Reinforcement learning (RL) has enabled the training of large language model (LLM) agents to interact with the environment and to solve multi-turn long-horizon tasks. However, the RL-trained agents often struggle in tasks that require active exploration and fail to efficiently adapt from trial-and-error experiences. In this paper, we present LaMer, a general Meta-RL framework that enables LLM agents to actively explore and learn from the environment feedback at test time. LaMer consists of two key components: (i) a cross-episode training framework to encourage exploration and long-term rewards optimization; and (ii) in-context policy adaptation via reflection, allowing the agent to adapt their policy from task feedback signal without gradient update.
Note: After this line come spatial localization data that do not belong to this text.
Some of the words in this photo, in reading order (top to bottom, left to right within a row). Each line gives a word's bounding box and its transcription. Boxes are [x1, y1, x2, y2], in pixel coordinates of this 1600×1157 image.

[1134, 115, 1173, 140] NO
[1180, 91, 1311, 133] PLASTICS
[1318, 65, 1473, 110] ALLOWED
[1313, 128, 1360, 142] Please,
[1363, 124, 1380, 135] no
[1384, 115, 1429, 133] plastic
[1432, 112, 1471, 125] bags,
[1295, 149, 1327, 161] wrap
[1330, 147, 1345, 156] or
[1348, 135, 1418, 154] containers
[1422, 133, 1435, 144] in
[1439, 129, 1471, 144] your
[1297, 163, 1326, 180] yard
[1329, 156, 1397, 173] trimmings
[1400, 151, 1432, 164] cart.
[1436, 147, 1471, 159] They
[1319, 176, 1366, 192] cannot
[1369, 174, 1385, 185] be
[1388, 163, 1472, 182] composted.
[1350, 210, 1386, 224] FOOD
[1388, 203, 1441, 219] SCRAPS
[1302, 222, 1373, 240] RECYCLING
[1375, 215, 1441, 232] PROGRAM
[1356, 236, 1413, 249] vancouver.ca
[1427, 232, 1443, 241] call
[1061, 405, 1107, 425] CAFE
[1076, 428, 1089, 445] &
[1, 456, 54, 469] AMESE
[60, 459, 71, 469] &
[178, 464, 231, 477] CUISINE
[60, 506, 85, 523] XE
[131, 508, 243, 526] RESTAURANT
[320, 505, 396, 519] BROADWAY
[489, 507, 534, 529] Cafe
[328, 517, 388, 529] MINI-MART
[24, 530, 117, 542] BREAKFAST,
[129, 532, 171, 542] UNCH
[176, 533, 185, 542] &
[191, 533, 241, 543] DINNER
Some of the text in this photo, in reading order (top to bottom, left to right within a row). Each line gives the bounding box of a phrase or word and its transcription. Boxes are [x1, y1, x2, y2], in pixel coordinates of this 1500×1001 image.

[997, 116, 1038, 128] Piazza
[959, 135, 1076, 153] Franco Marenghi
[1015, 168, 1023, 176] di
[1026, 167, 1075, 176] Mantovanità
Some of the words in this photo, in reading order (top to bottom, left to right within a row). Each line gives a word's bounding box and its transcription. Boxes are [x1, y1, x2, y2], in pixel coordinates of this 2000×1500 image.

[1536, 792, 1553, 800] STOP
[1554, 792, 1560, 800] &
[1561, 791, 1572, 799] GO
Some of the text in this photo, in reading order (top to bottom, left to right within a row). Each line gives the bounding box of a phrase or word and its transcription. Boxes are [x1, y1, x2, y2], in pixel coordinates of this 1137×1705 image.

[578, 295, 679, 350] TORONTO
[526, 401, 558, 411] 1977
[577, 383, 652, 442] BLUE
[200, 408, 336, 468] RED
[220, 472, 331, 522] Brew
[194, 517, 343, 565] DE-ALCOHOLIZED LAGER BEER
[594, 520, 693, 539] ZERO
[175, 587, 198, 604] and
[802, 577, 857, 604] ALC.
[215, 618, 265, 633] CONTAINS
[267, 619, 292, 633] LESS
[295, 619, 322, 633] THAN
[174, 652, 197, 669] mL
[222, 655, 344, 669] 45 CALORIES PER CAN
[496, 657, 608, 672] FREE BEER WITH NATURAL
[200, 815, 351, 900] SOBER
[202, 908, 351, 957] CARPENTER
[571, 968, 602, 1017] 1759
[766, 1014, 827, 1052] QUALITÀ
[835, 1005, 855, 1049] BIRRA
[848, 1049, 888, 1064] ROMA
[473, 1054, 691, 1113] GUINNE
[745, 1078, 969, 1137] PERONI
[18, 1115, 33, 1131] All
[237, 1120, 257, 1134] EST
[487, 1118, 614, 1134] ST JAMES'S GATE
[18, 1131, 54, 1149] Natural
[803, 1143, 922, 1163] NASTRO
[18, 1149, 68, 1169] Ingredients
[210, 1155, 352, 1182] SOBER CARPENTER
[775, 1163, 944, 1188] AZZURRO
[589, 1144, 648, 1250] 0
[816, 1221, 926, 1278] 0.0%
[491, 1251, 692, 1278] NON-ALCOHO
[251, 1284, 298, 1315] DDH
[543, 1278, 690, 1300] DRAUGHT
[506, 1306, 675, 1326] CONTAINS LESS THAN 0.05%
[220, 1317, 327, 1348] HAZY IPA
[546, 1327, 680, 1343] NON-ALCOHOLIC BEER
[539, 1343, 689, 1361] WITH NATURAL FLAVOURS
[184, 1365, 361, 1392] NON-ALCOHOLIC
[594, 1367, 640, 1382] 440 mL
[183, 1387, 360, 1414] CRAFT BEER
Experiments across diverse environments show that LaMer significantly improves performance over RL baselines, with 11%, 14%, and 19% performance gains on Sokoban, MineSweeper and Webshop, respectively. Moreover, LaMer also demonstrates better generalization to more challenging or previously unseen tasks compared to the RL-trained agents. Overall, our results demonstrate that Meta-RL provides a principled approach to induce exploration in language agents, enabling more robust adaptation to novel environments through learned exploration strategies.